20.109(S08):Start-up protein engineering (Day1)
Contrary to how it may be taught in some laboratory classrooms, the process of scientific inquiry encompasses much more than the collection and interpretation of data. A key part of the process is design – of experiments that specifically address a hypothesis and of new materials or technologies. Moreover, any design is subject to continued revision. You might redesign an experiment or tool based on your own own research, or you might consult the vast body of scientific literature for other perspectives. As the old graduate student saying goes, “A month in the lab might save you a day in the library!” In other words, although the process of combing the literature can be arduous or even tedious at times, it beats wasting a month of your time repeating experiments already proven not to work or reinventing the wheel.

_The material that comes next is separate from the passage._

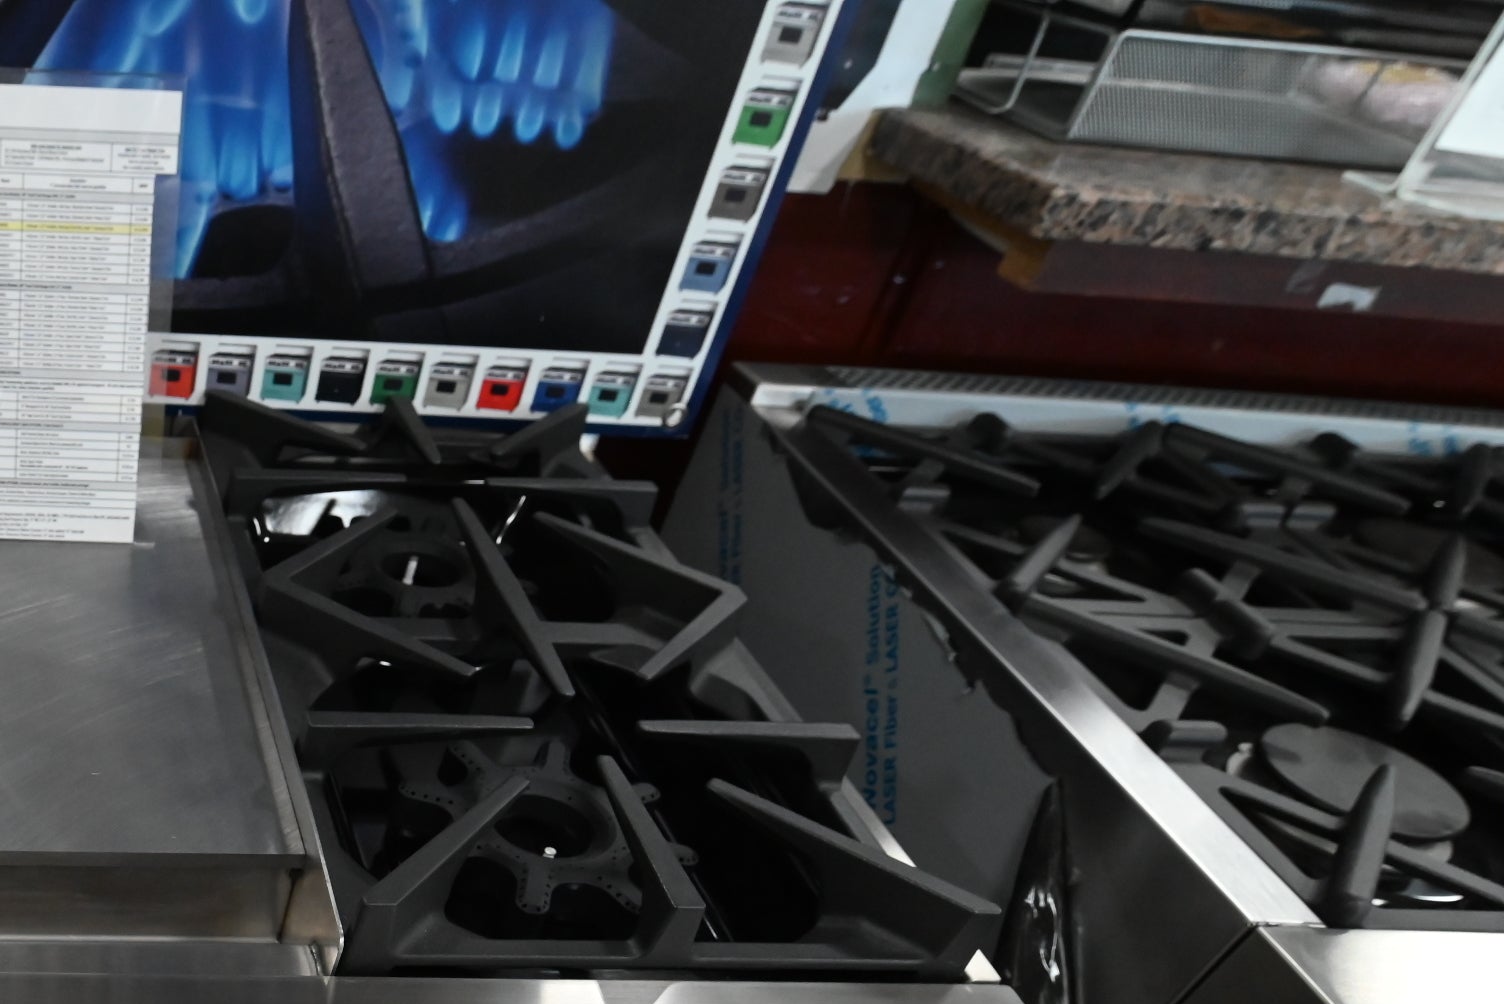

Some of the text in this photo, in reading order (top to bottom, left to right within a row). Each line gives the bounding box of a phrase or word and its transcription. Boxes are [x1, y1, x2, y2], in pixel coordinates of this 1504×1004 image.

During this module, each of you will design and test a new version of inverse pericam (IPC). Today, we will refer to a few primary research articles in order to familiarize ourselves with this recombinant protein and its constituent parts. The fluorescent component of IPC is an enhanced yellow fluorescent protein (abbreviated EYFP), one of the many derivatives of green fluorescent protein (GFP). GFP is naturally produced by jellyfish and was cloned into other organisms in the early 1990’s. It has since been exploited as a genetically encodable reporter and mutagenized to vary its excitation and emission spectra. The other key component of inverse pericam is the protein calmodulin (CaM), a natural calcium sensor that is present in all eukaryotes (and briefly reviewed here). Calmodulin has many ligands that it binds only in the presence of calcium ion, including the peptide fragment M13. This conditional specificity for M13 binding is enabled by the change in CaM’s conformation when it binds calcium.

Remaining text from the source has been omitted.